Hostplus CIO Sam Sicilia’s super high risk strategy faces its toughest test

But now, with the coronavirus pandemic wreaking havoc on the economy and emergency government legislation enabling out-of-work Australians to draw down on their super savings well before retirement, the former business lecturer’s approach is being put to the test.

Figures show there have been more than 900,000 applications for the early access to super scheme totalling more than $7.5 billion since it opened two weeks ago. Hostplus processed 84,613 of those claims worth $603 million in the first week alone.

Proponents argue that unlisted assets provide diversification from listed markets such as shares and also deliver superior returns over the long term. But they are also much harder to sell in a downturn.

And for Hostplus this appears to be a problem.

Faith in technology

Blackbird Ventures founder Niki Scevak first met Sicilia in 2015 at the fund’s William Street office in Melbourne. Scevak had made the same pitch to every superannuation fund in the country and was rejected by almost all of them.


Blackbird was looking for the “most ambitious Australians” to finance companies that Scevak said could become the best in the world. Sicilia was enthusiastic about the concept from the first meeting, Scevak says, and the wider Hostplus team was ahead of the curve in recognising the “renaissance” in Australia’s startup scene.

“There was a shared belief that Australia can create great technology companies and Sam, Neil [Stanford] and the team at Hostplus are certainly believers that it’s possible.”

Since that meeting, Hostplus has invested more than $100 million with Blackbird and over $1 billion more across about 30 venture funds including Square Peg Capital, Artesian, Safar Partners, Carthona Capital and Carnegie Venture Capital.

Its early exposure through Blackbird to local startups with billion-dollar valuations including $4.7 billion design platform Canva, employee tracking service CultureAmp and workplace safety software provider SafetyCulture remain poised to pay off handsomely.
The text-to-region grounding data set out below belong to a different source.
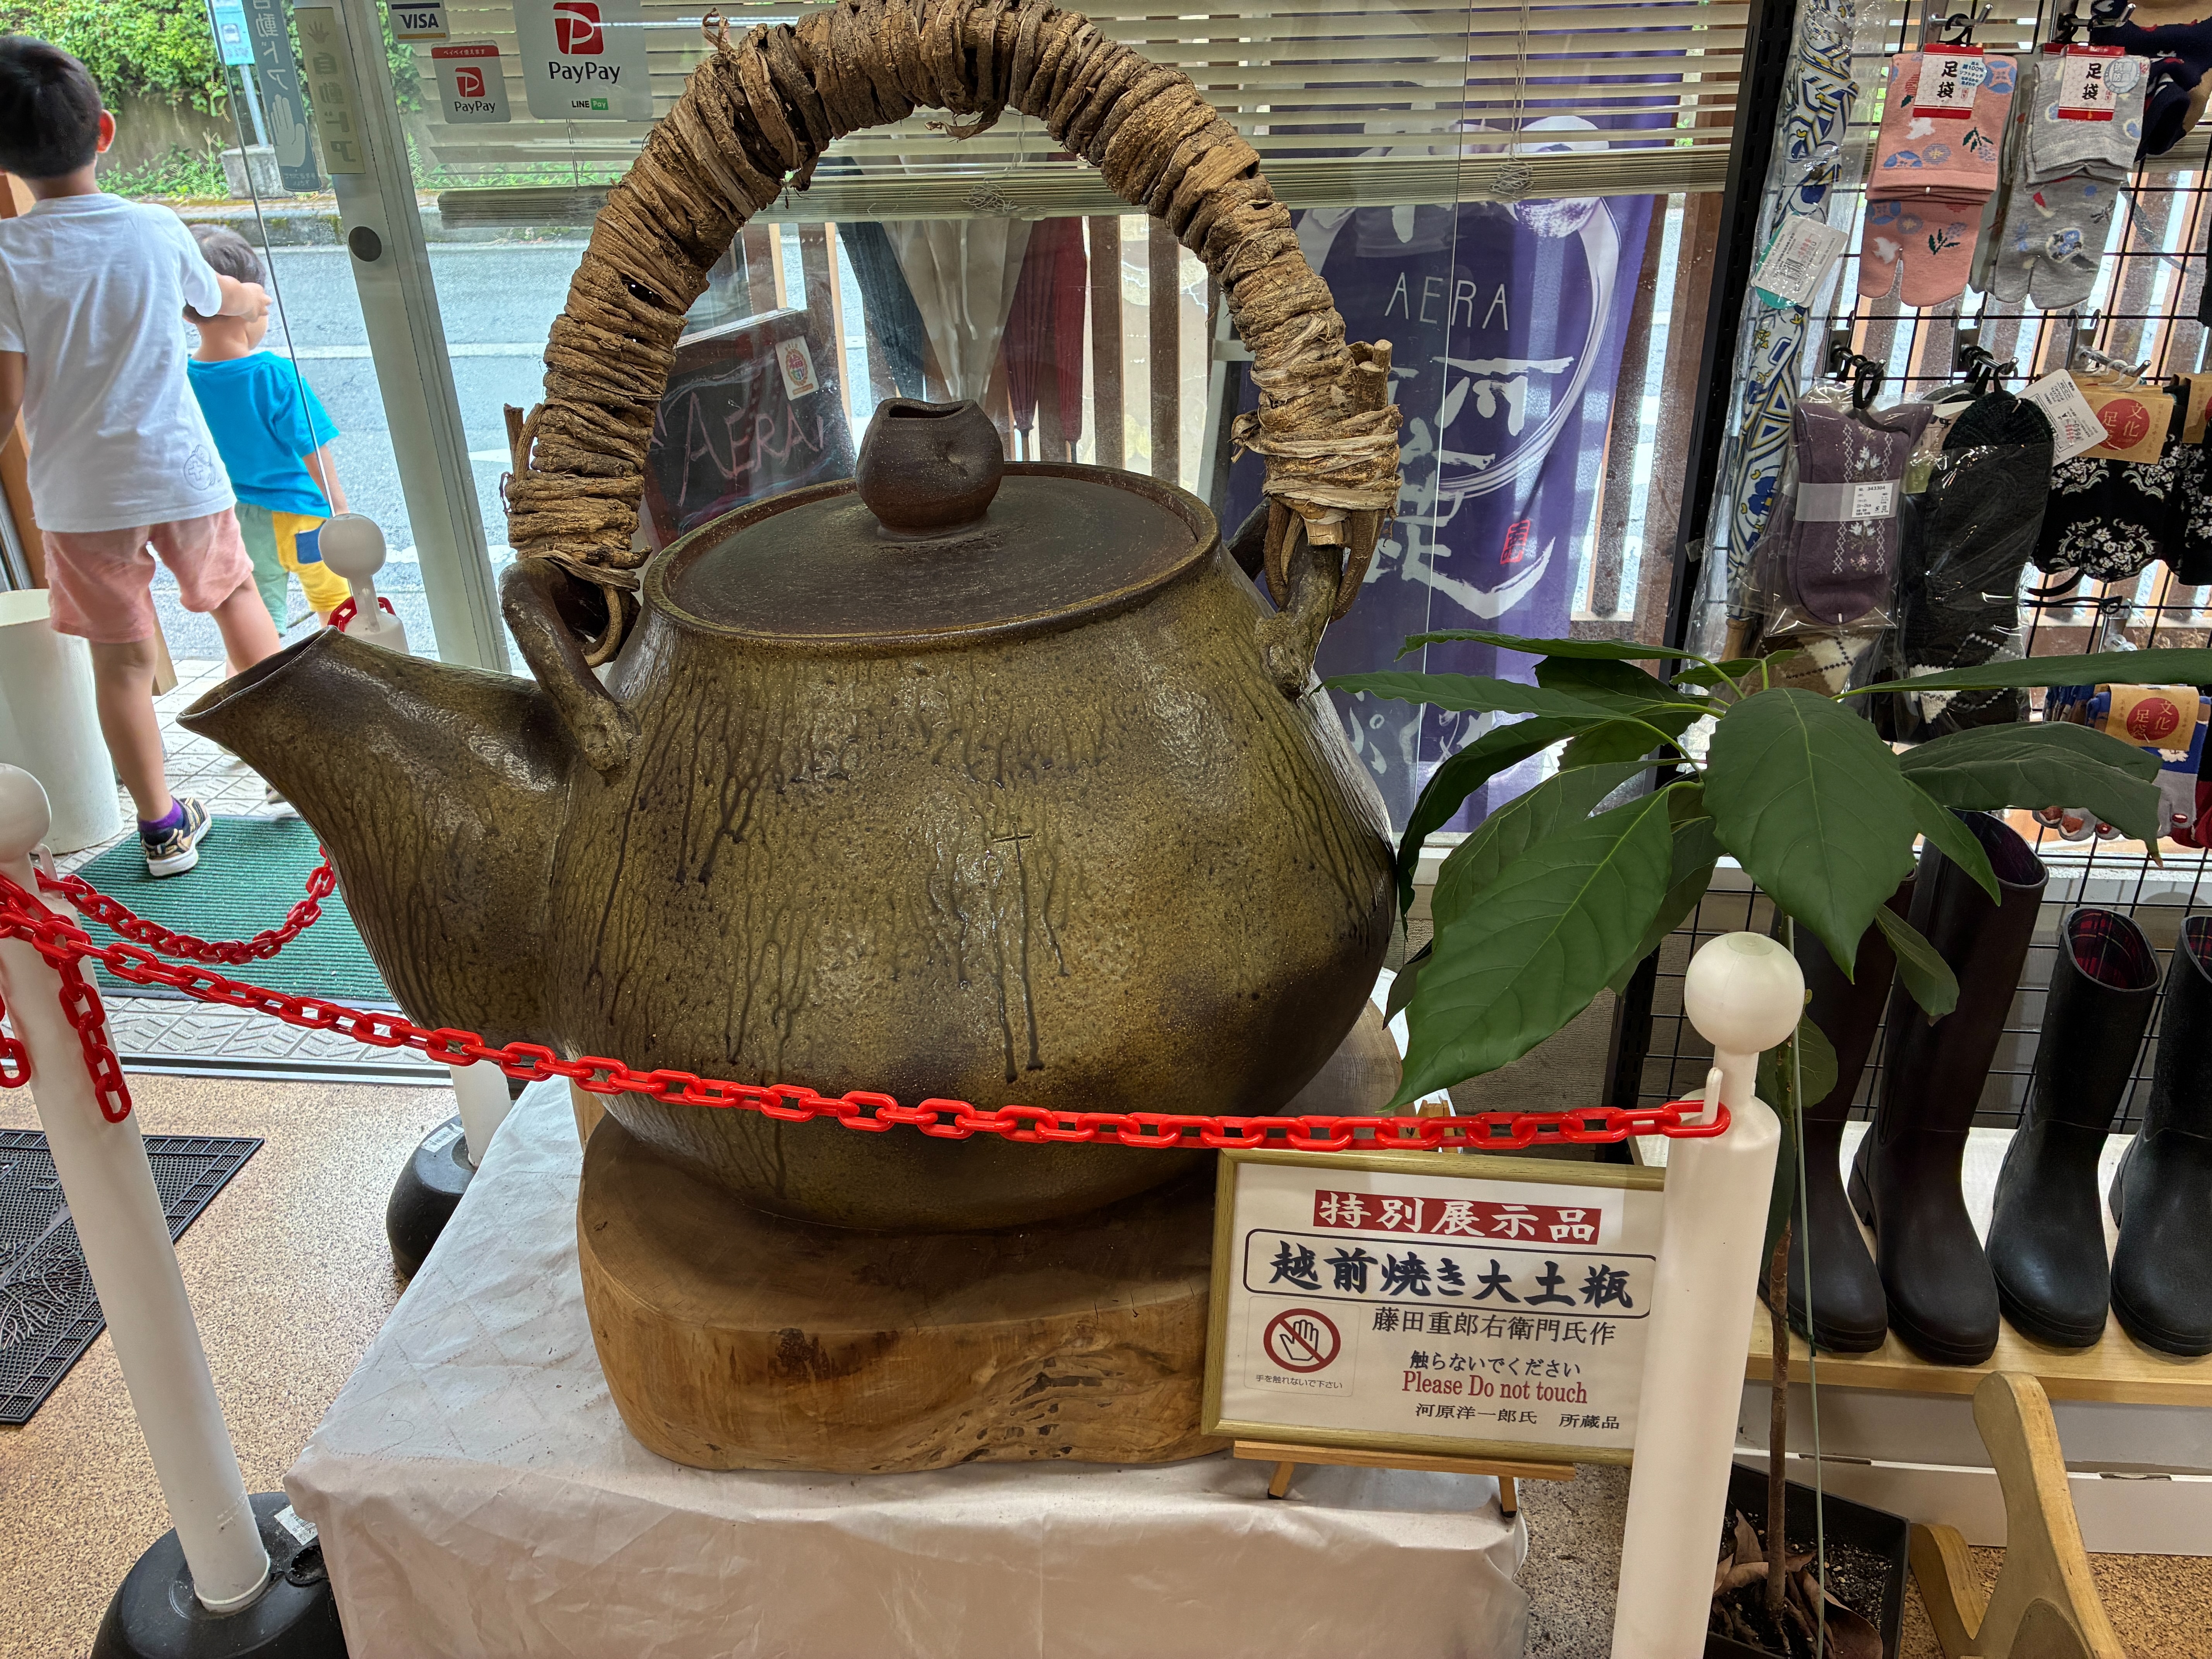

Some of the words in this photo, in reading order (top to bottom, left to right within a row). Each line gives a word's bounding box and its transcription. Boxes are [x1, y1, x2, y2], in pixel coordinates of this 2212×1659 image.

[398, 14, 439, 29] VISA
[548, 61, 620, 84] PayPay
[1937, 60, 1958, 98] 足袋
[2082, 63, 2102, 100] 足袋
[454, 100, 496, 114] PayPay
[572, 100, 590, 108] LINE
[1384, 272, 1508, 331] AERA
[2123, 402, 2144, 437] 文化
[2154, 700, 2174, 730] 文化
[1318, 1192, 1596, 1242] 特別展示品
[1268, 1240, 1634, 1310] 越前焼き大土瓶
[1372, 1307, 1616, 1346] 藤田重郎右衛門氏作
[1409, 1350, 1581, 1378] 触らないでください
[1255, 1374, 1343, 1389] 手を触れないで下さい
[1401, 1370, 1463, 1395] Please
[1468, 1374, 1494, 1397] Do
[1499, 1381, 1530, 1400] not
[1536, 1381, 1588, 1404] touch
[1415, 1403, 1537, 1424] 河原洋一郎氏
[1559, 1413, 1620, 1430] 所蔵品
Hostplus declined to comment for this story and Sicilia was not available for an interview. But the man’s passion for disruptive technology and investment philosophy was made clear in a Bloomberg interview in 2019. “We know unlisted assets provide downside protection from the volatility of equity markets,” Sicilia said. “And so we take advantage of that characteristic, and that’s what drives this fund.”

Petre is confident the super sector will not retreat from VC investing due to the current liquidity issues caused by the COVID-19 pandemic. “When you get away from ranting headlines and unpack it, good venture firms can hold their heads up high compared to the best performing private equity or credit funds,” he says.

Once in a hundred year event

Jeremy Colless, the chief executive of another VC firm Artesian, says a well-diversified alternatives portfolio can bring enormous rewards to members. “For every risk, there is a price,” he says.”If you ignore what’s going on in VC, you do so at your own peril. Technology companies now pretty much rule the world.”


Colless says Hostplus was a natural fit for VC because it has one of the youngest member demographics. “If the purpose of super is to invest for the long term, then his investors have 30 plus years until retirement. He [Sicilia] was in a position where it was highly appropriate to collect the illiquidity premium.”

But that very demographic could now be the fund’s Achilles heel. The typical Hostplus member works in hospitality, sport or tourism – among the industries hardest hit by the coronavirus– meaning the fund has less money coming in and the higher potential for withdrawals.

Hostplus rushed to increase its cash reserves from just $530 million in September to more than $6 billion it has now. An out-of-cycle valuation resulted in Hostplus’ $1.04 billion investments in VC dropping by 15 per cent and the fund recently updated its product disclosure statement to highlight its powers to suspend cash redemptions. Chief executive David Elia has persistently defended the fund’s liquidity.

Funds including $100 billion First State Super and healthcare fund Hesta began dipping their toes into VC investing around 2012, but none as forcefully as Hostplus.

Colless says the startups in VC funds are better placed to weather a recession than larger companies and pointed to the years following the global financial crisis when many major US tech companies hit their strides. He acknowledged companies in Artesian’s VC fund are struggling right now but says this was “no different from any other industry”.

“The great thing about startups is they are small, nimble and innovative so they are probably far better positioned to address the new world on the other side of this crisis,” he says.

Blackbird’s Scevak says selling in financial markets has been indiscriminate and investors who stay the course will be rewarded. “The largest companies of the past decade are not going to be the largest companies of the next decade.”

Deloitte’s head of super Russell Mason did not want to comment on Hostplus specifically but said “armchair” criticism of investment strategies were unhelpful. “I really do believe this is a one in hundred year event. It’s very unfair to say people should have been expecting this.”